Disaster recovery for computers is a means, not an end to itself
When you draw up disaster recovery plans for your organization's computers, there is something very important to remember: the ultimate goal of a DR plan for computers is to help the organization to keep working in the face of a disaster. On the one hand, this sounds obvious. On the other hand, there is a huge difference between allowing the organization's computers to keep working after a disaster and allowing the organization to keep working after a disaster. The difference is that there are plenty of other things that your organization may (also) need in order to keep functioning.
(Of course there are organizations where computing is the most important thing about them and is basically the only thing that they need.)

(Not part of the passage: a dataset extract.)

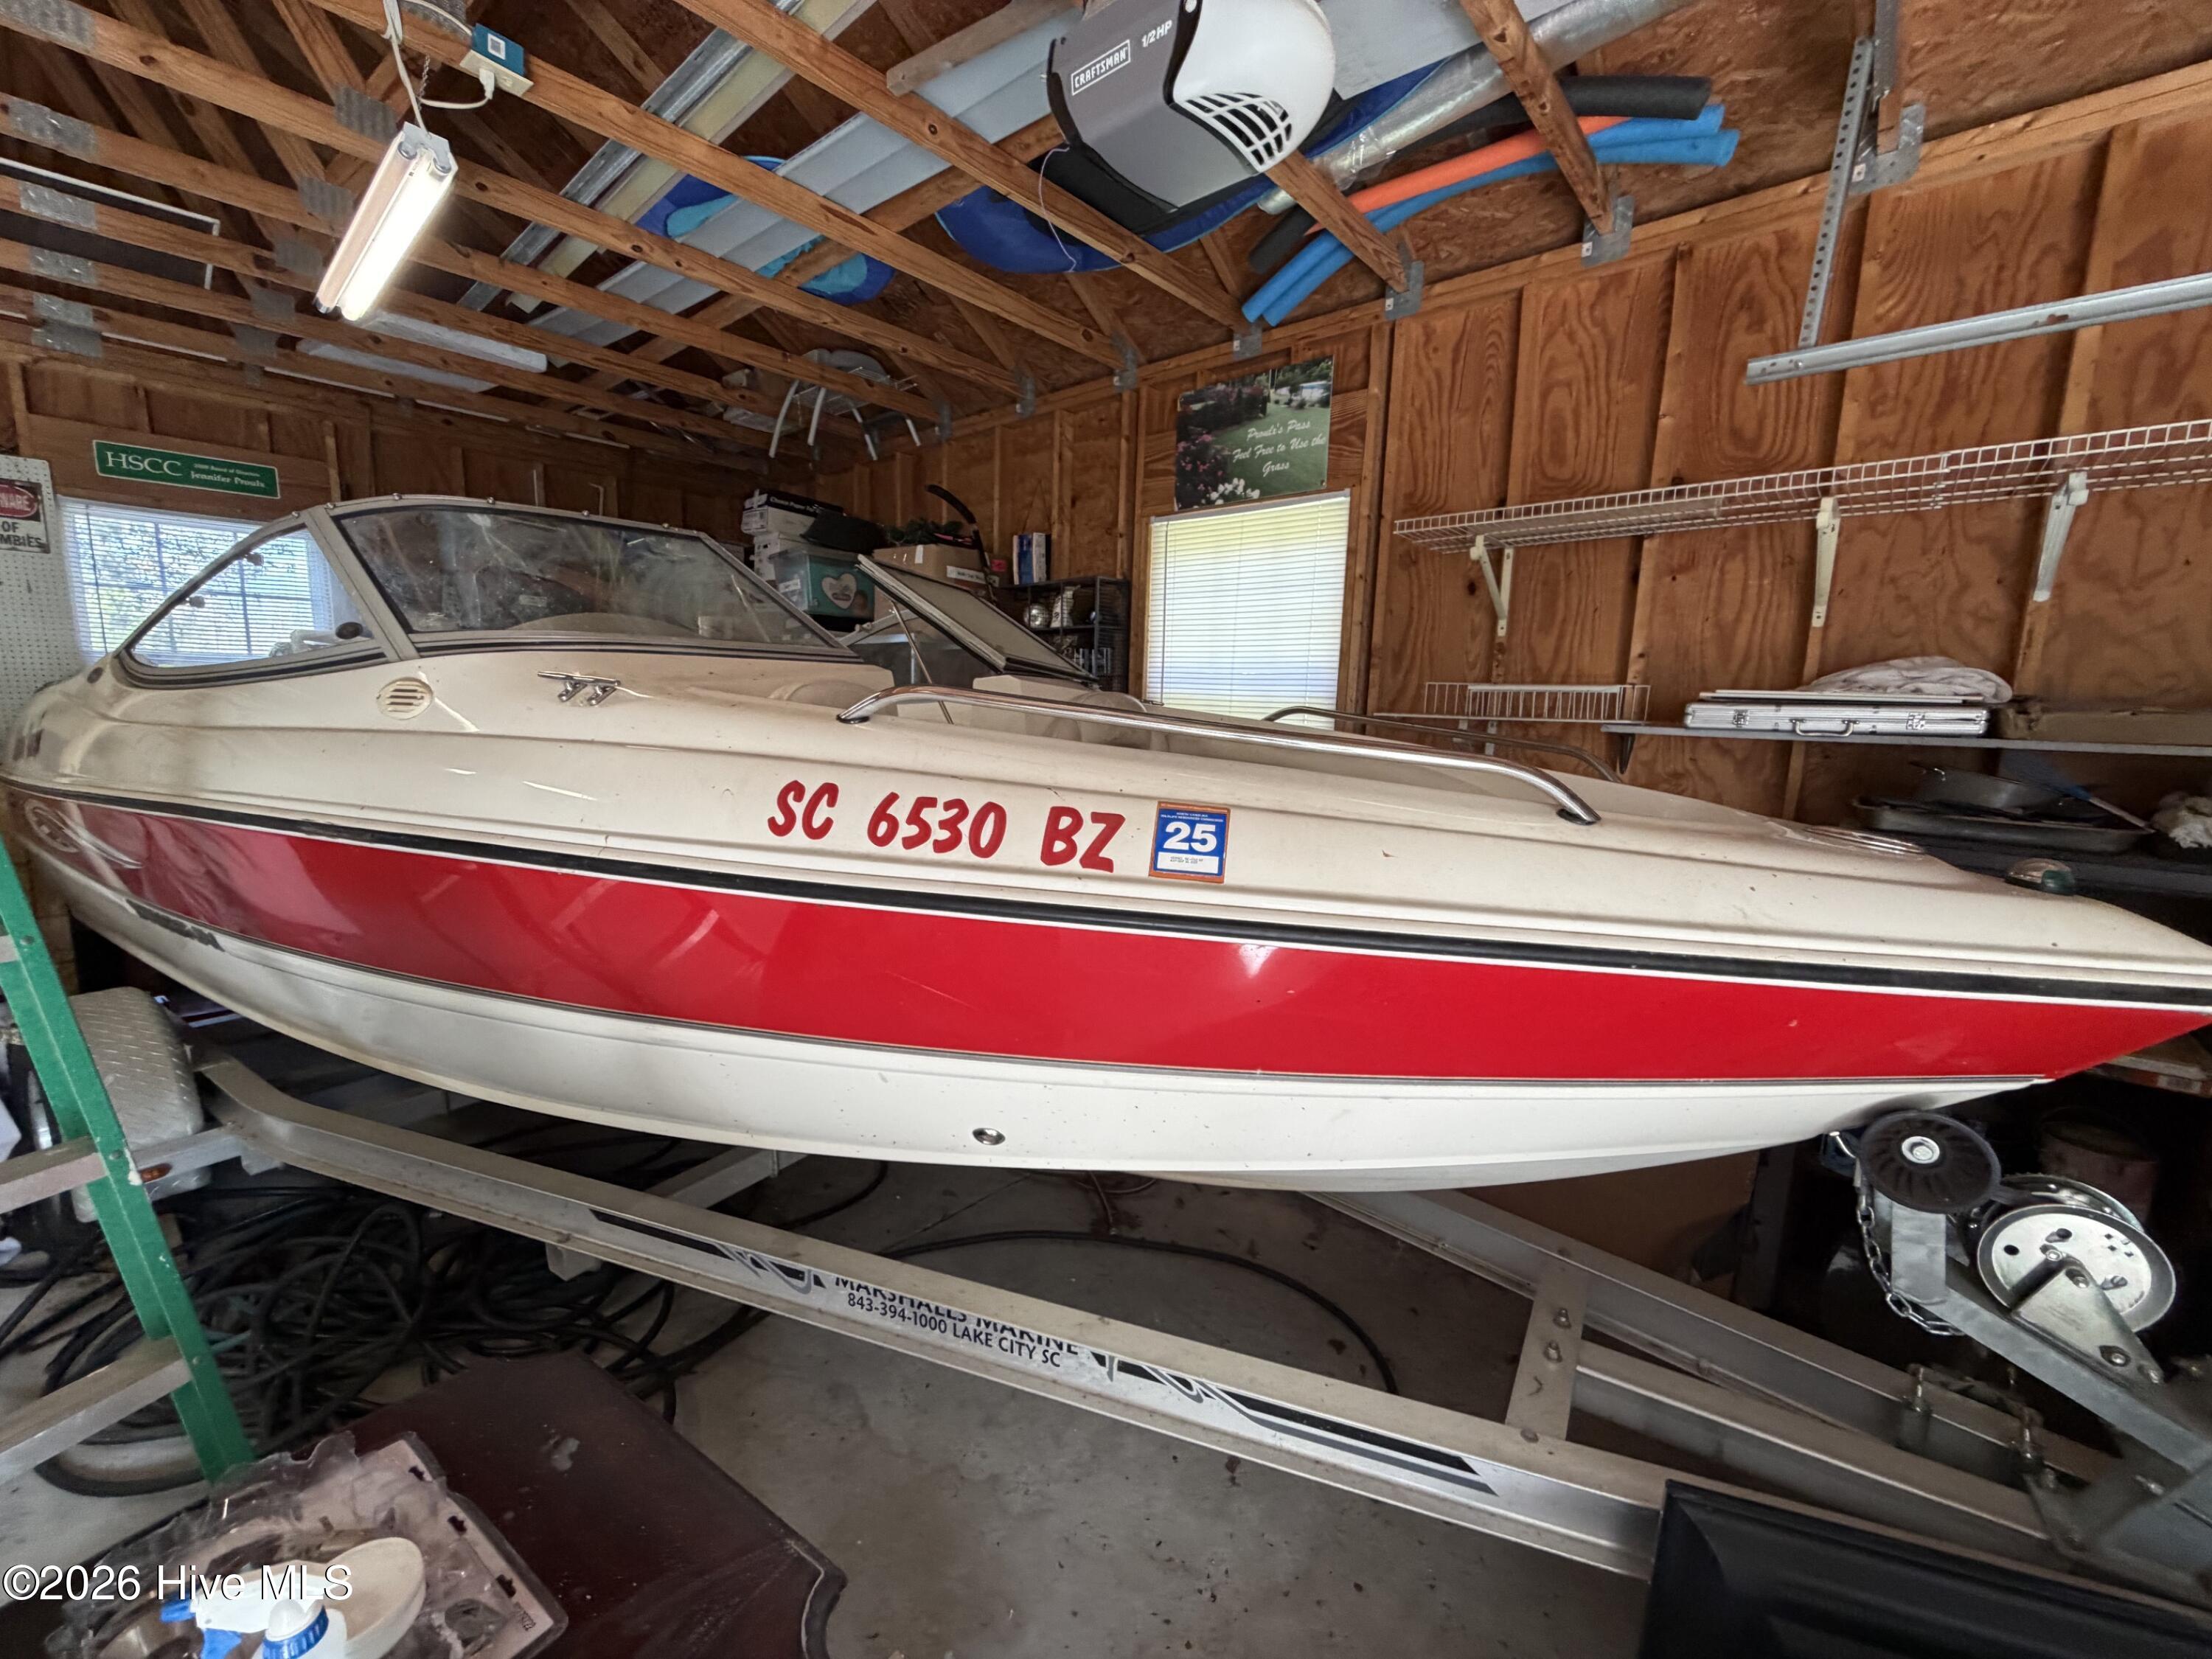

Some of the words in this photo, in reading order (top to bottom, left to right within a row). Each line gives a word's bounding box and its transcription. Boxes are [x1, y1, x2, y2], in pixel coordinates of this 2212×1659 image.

How this matters is that in the broad view, there is no point in the organization's computers being back if the organization is not otherwise functioning. There is especially no point in spending money (or preallocating resources) to make computing survive when the organization doesn't. Doing so is the equivalent of planning to carefully construct and paint a single wall of a house all by itself, without the rest of the house. It's a very nice wall, very well constructed, you've thought of all of the contingencies in building it, but it has no point. All your planning effort is wasted effort.
(It's easy to overlook this if your job is to care very, very much about that one wall.)
Or in short, computing disaster recovery is just one component of overall disaster recovery. It is often not complete by itself.
One consequence of this is that if the organization doesn't or can't have a disaster recovery plan for the other things that it needs to function, a computing DR plan may be more or less pointless. Or at least you don't need a comprehensive DR plan; all you need is a DR plan that covers the contingencies where the only important thing that the organization has lost is the computers. In other words, there may well be some risks that are not worth mitigating in your computer DR plan because the risk would also destroy other things that the organization needs to function and there are no plans for how to recover from them.
(Again, disaster preparation is different from disaster recovery plans. You can be prepared to (eventually) recover from a building going up in flames without having a specific plan for it.)
On the other hand there are some organizations where the only thing that the organization really needs to keep going is its computers and maybe some people to answer the email. In these organizations, computing DR is organizational DR and it may well make sense to pay a lot of attention to a lot of risks and to try to mitigate them. Understanding what sort of organization you're in and what the organization's crucial resources actually are is a big part of good, sensible DR planning.
(The corollary of this is that there are no one size fits all answers for what risks you should consider in computing DR planning.)
Real disaster recovery plans require preallocated resources
Here is one core thing about meaningful disaster recovery plans: they all require preallocation of resources. This may range from actual servers in actual racks in an actual machine room, all humming and ready to go the moment that you need them, all the way to simply a bunch of money that is reserved for disaster recovery so that you can immediately start buying new hardware and renting colocation space (or simply getting more cloud computing capacity).
If you do not have these preallocated resources, you do not really have a disaster recovery plan; you don't have something you can immediately start executing in any meaningful way and especially you don't have a plan with a time bound. Without preallocated resources, step zero of your DR plan is 'magically get money and other resources from somewhere' and magic is unpredictable and uncertain.
The problem with the preallocated resources that a meaningful DR plan requires is that they are completely unproductive now, whether they are servers that are basically unused or money that is simply sitting there not being spent. As a result there is always going to be a temptation and pressure to take these unproductive resources and do something with them; to claim servers or machine room space or money for some more urgent need.
This temptation is not stupid. At the extreme bound it's completely wrong to insist on not using the preallocated DR resources if it means that the organization goes out of business in the mean time. The relative priority of allocating resources to DR versus allocating resources to something else is always a tradeoff and a risk assessment. Sometimes DR will lose and thus it will lose resources. How often DR loses is partly a function of the organization's relative priorities and partly a function of how prosperous the organization is (ie, how many surplus resources it has in general).
I will give you a corollary: if your organization is low on resources and it does not prioritize disaster recovery very highly, I feel that there is very little point in creating a meaningful disaster recovery plan. The odds are simply very low that you will be able to hold on to your preallocated resources until a disaster happens, so you will be left with a beautiful plan but no means of carrying it out or only the ability to execute random portions.
(Note that you can still be prepared for disasters even without having an DR plan. To simplify, DR preparation is having offsite backups while a DR plan is knowing what you're going to restore them on to.)